Le barreau de Buenos Aires a déposé une demande formelle pour le pourvoi des quatre postes vacants qui ont décimé la Cour suprême de Buenos Aires. Dans un communiqué public, l'entité a qualifié la situation de « désintégration sans précédent » et a averti que la plus haute instance judiciaire de la province ne fonctionne actuellement qu'avec trois de ses sept membres, ce qui compromet gravement le service de la justice.
La déclaration du barreau est intervenue au début de la trêve judiciaire et dans un contexte où le processus de pourvoi des postes vacants est complètement bloqué.
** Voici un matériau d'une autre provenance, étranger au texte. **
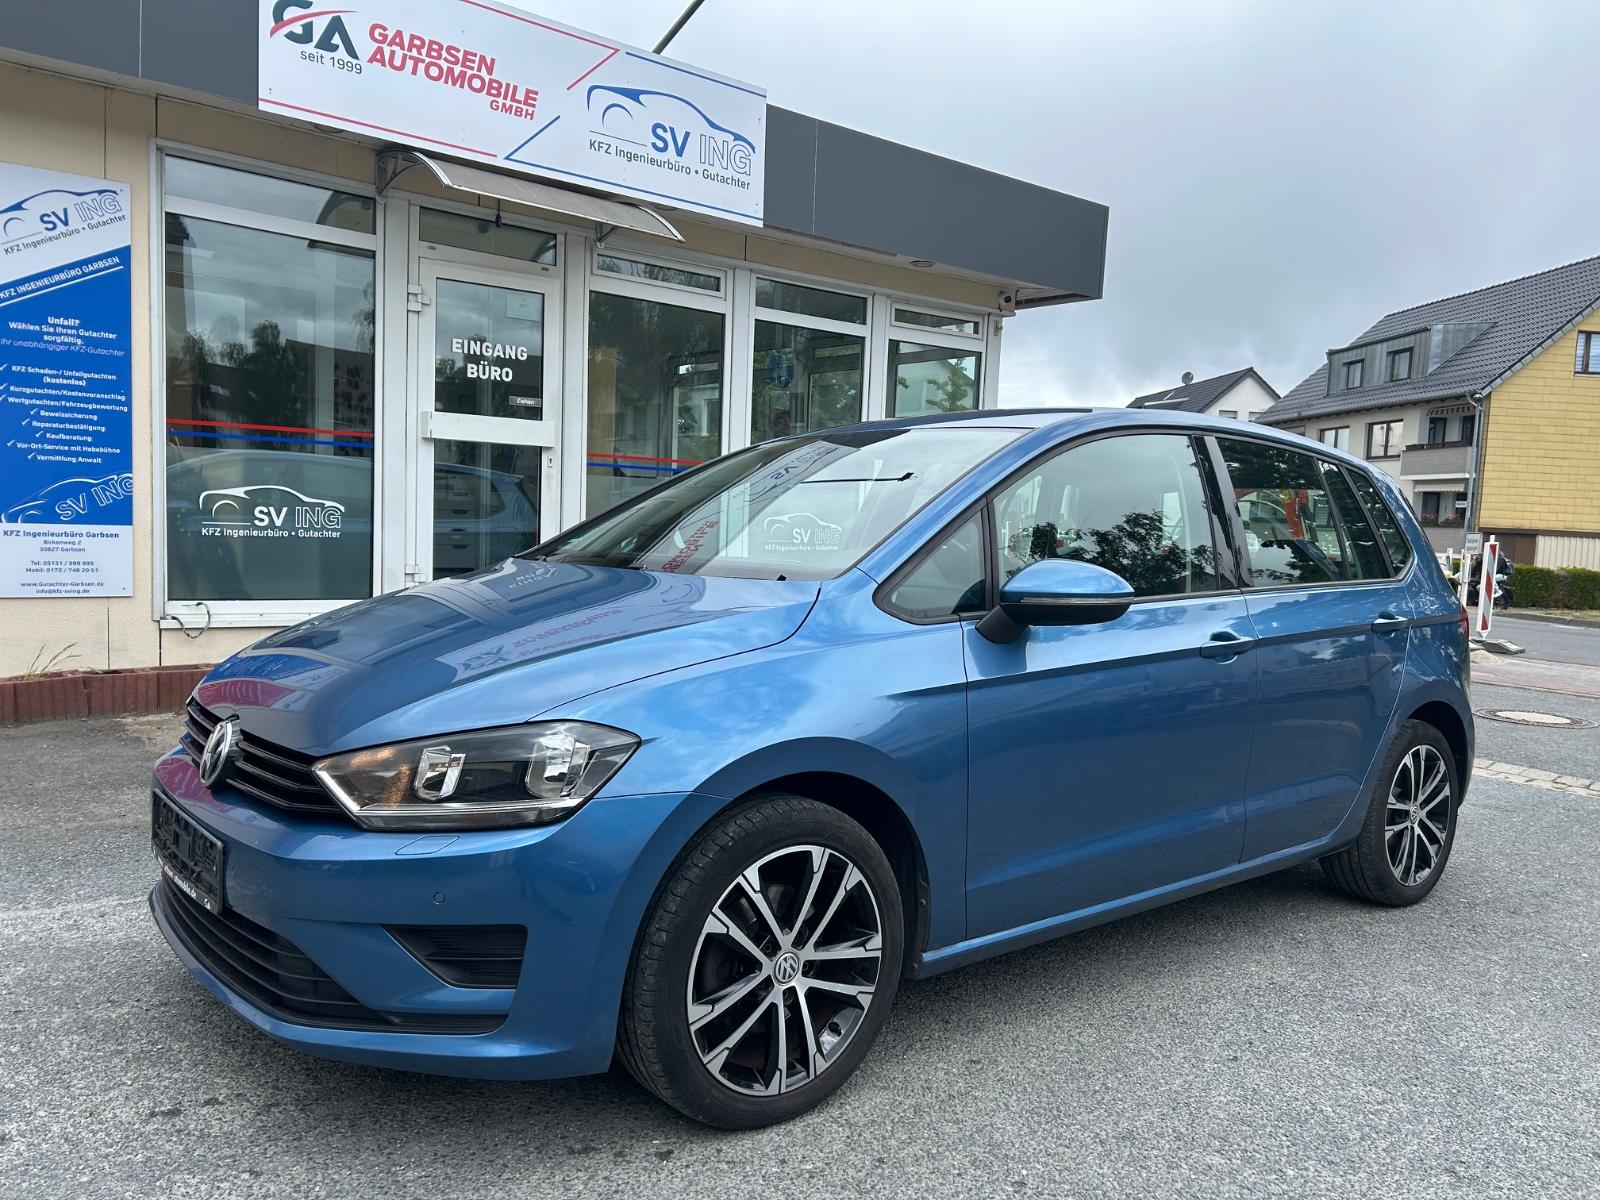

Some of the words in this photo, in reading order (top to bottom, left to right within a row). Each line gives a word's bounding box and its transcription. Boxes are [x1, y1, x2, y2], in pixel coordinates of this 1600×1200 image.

[368, 23, 496, 76] GARBSEN
[300, 50, 325, 66] seit
[330, 57, 363, 75] 1999
[366, 45, 539, 109] AUTOMOBILE
[489, 100, 535, 121] GMBH
[651, 122, 691, 157] SV
[700, 133, 751, 176] ING
[589, 138, 612, 155] KFZ
[615, 145, 691, 175] Ingenieurbüro
[702, 168, 751, 190] Gutachter
[39, 207, 70, 232] SV
[74, 193, 122, 222] ING
[4, 243, 22, 256] KFZ
[22, 226, 80, 251] Ingenieurbüro
[87, 213, 126, 231] Gutachter
[0, 287, 17, 299] KFZ
[17, 267, 82, 295] INGENIEURBÜRO
[82, 256, 120, 275] GARBSEN
[9, 321, 40, 331] Wählen
[41, 325, 54, 333] Sie
[56, 327, 77, 335] Ihren
[78, 329, 117, 339] Gutachter
[47, 316, 80, 327] Unfall?
[13, 339, 69, 351] unabhängiger
[70, 345, 125, 357] KFZ-Gutachter
[43, 334, 84, 345] sorgfältig.
[451, 338, 528, 361] EINGANG
[63, 370, 116, 380] Unfallgutachten
[466, 360, 513, 382] BÜRO
[40, 410, 98, 420] Beweissicherung
[32, 421, 105, 432] Reparaturbestätigung
[46, 433, 92, 442] Kaufberatung
[17, 442, 69, 451] Vor-Ort-Service
[82, 446, 120, 454] Hebebühne
[36, 454, 77, 463] Vermittlung
[55, 493, 87, 520] SV
[253, 506, 288, 527] SV
[295, 506, 341, 529] ING
[23, 530, 84, 538] Ingenieurbüro
[201, 527, 221, 536] KFZ
[223, 527, 289, 538] Ingenieurbüro
[298, 530, 341, 538] Gutachter
[792, 528, 811, 543] SV
[815, 528, 840, 544] ING
L'entité a rappelé que l'article 146 de la Constitution provinciale fixe un délai de quinze jours à compter de la survenue d'une vacance pour présenter des candidats, mais que certains postes sont restés vacants pendant des années. « Le pourvoi des postes vacants n'est pas une faculté discrétionnaire ; c'est un devoir constitutionnel qui ne peut être laissé à des stratégies politiques ou à des convenances partisanes », a souligné le barreau.
La demande s'ajoute à celle formulée par la Cour suprême elle-même fin avril, lorsqu'elle a présenté un projet de loi pour obtenir l'autonomie financière et a exigé que le gouverneur Axel Kicillof et la Législature avancent dans la nomination de nouveaux ministres. À l'époque, le président de la Cour, Sergio Torres, avait déclaré que la Cour était dans un état de « désintégration inédite ».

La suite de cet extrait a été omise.